Чюрлёнис - Юрий Л. Шенявский
Шрифт:
Интервал:
В энциклопедических справочниках имя Евгения Моравского-Домброва – Эугениуш. В воспоминаниях Ядвиги Чюрлёните он – Домбров-Моравский, и – Евгений. Евгением называл его и Чюрлёнис, а еще – Генеком. Позволим и мы себе – для простоты чтения – называть его Евгением и наполовину «укоротить» двойную фамилию.
Евгений Моравский был высок – на полголовы выше Чюрлёниса, плотен, широкоскул, страдал косоглазием, и чтобы скрыть врожденный дефект, носил пенсне. Впрочем, известна фотография, где Моравский, в обнимку с Чюрлёнисом, без пенсне и без очков.
Очень скоро выяснилось, что у Чюрлёниса и Моравского много общего – как в мировоззрении, так и в стремлениях.

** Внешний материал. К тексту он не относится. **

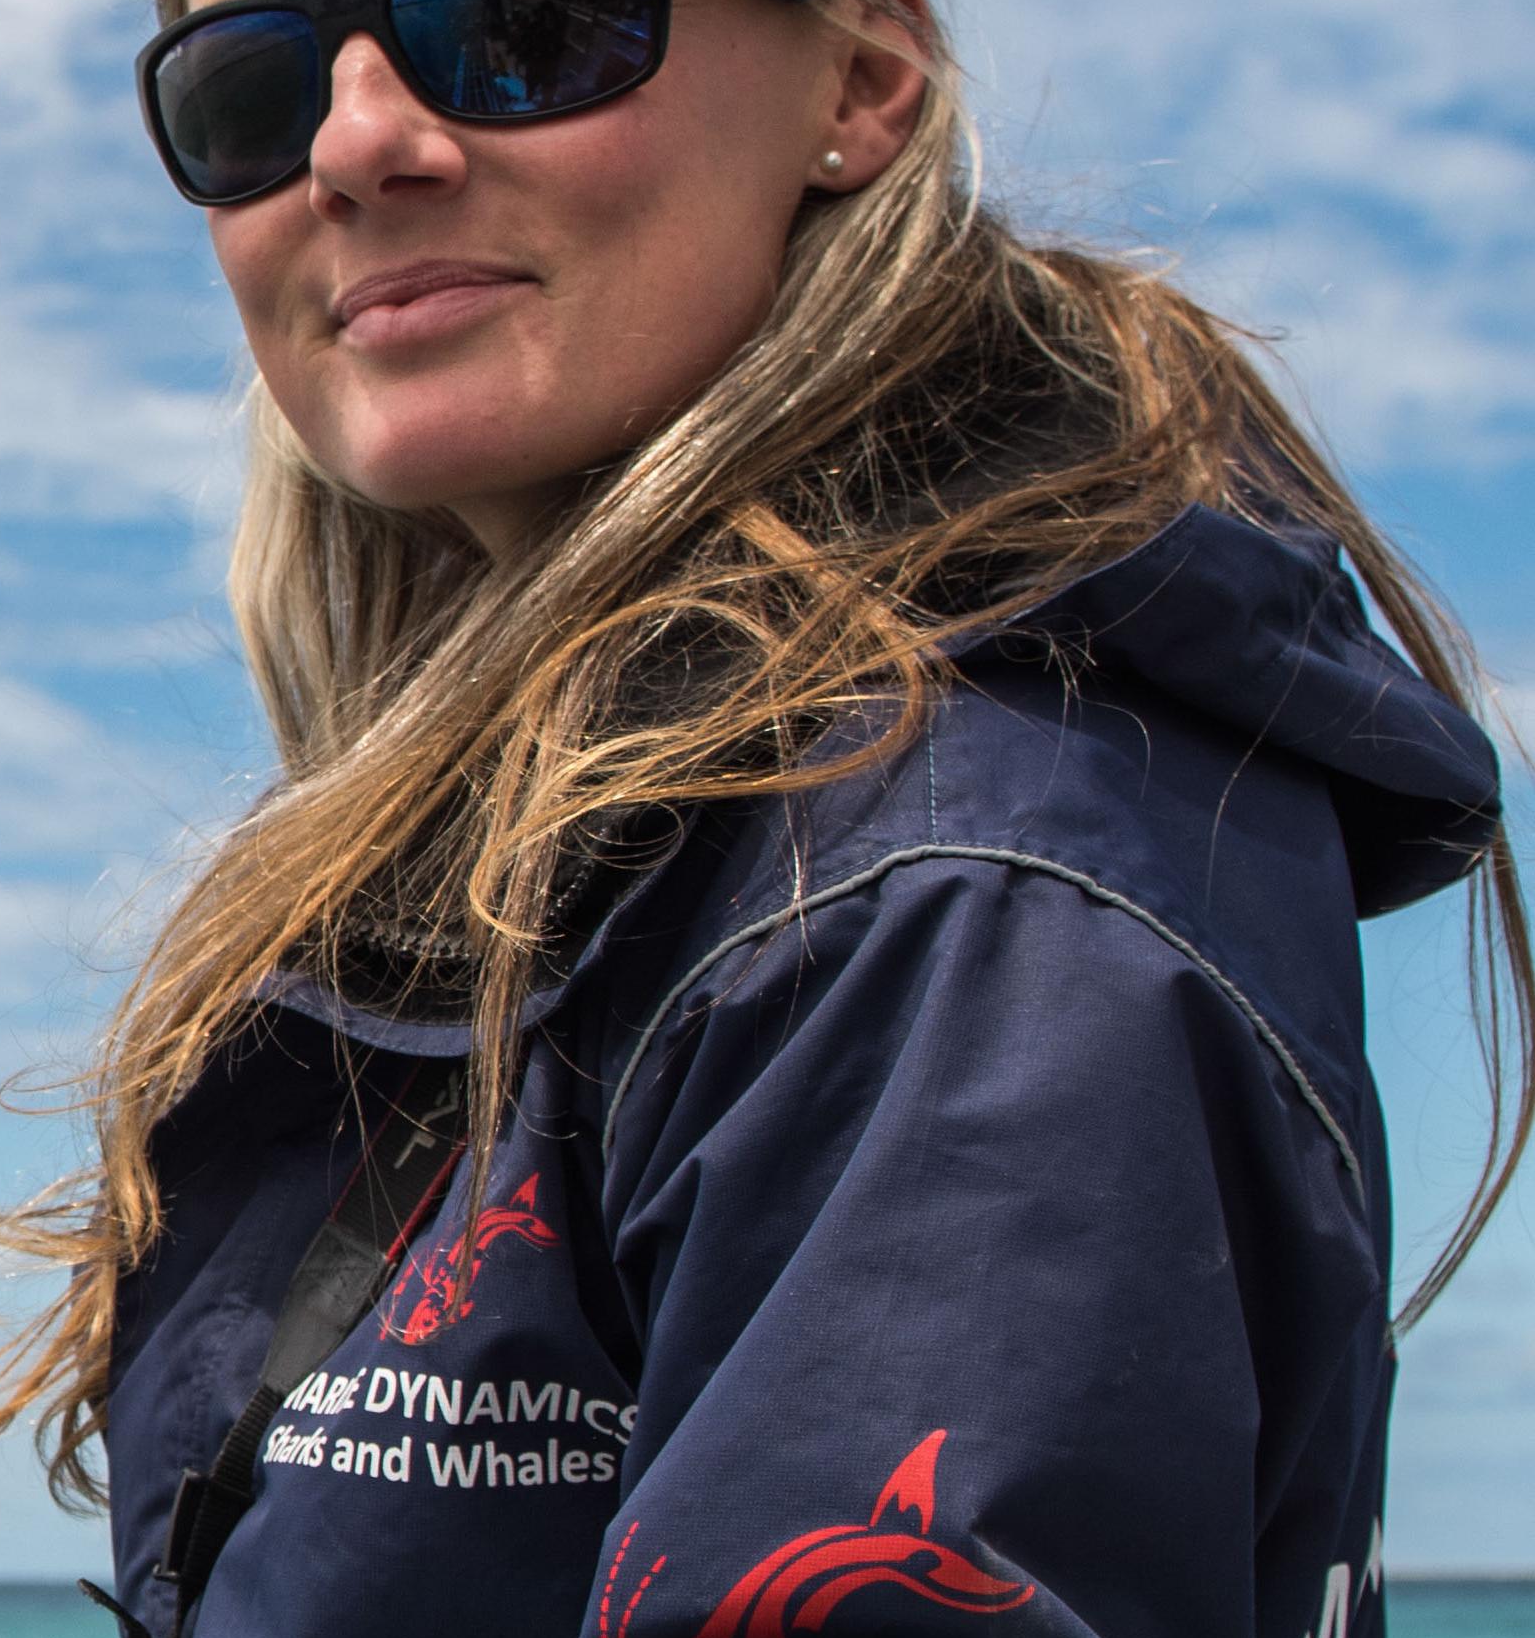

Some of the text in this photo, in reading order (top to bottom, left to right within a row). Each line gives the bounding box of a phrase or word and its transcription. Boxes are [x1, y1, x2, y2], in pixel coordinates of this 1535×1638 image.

Завязалась дружба, которую «действительно можно было назвать идеальной» (Ядвига Чюрлёните).
Отец Евгения, Аркадий Моравский-Домброва, в молодости, будучи студентом-медиком, принял активное участие в Польском восстании 1863–1864 годов[20], был дважды ранен, арестован и выслан в Сибирь на каторжные работы. По возвращении из Сибири ему было запрещено обучение в императорском университете и «пришлось выбрать другую профессию». В описываемое время он служил инспектором Варшавского порта.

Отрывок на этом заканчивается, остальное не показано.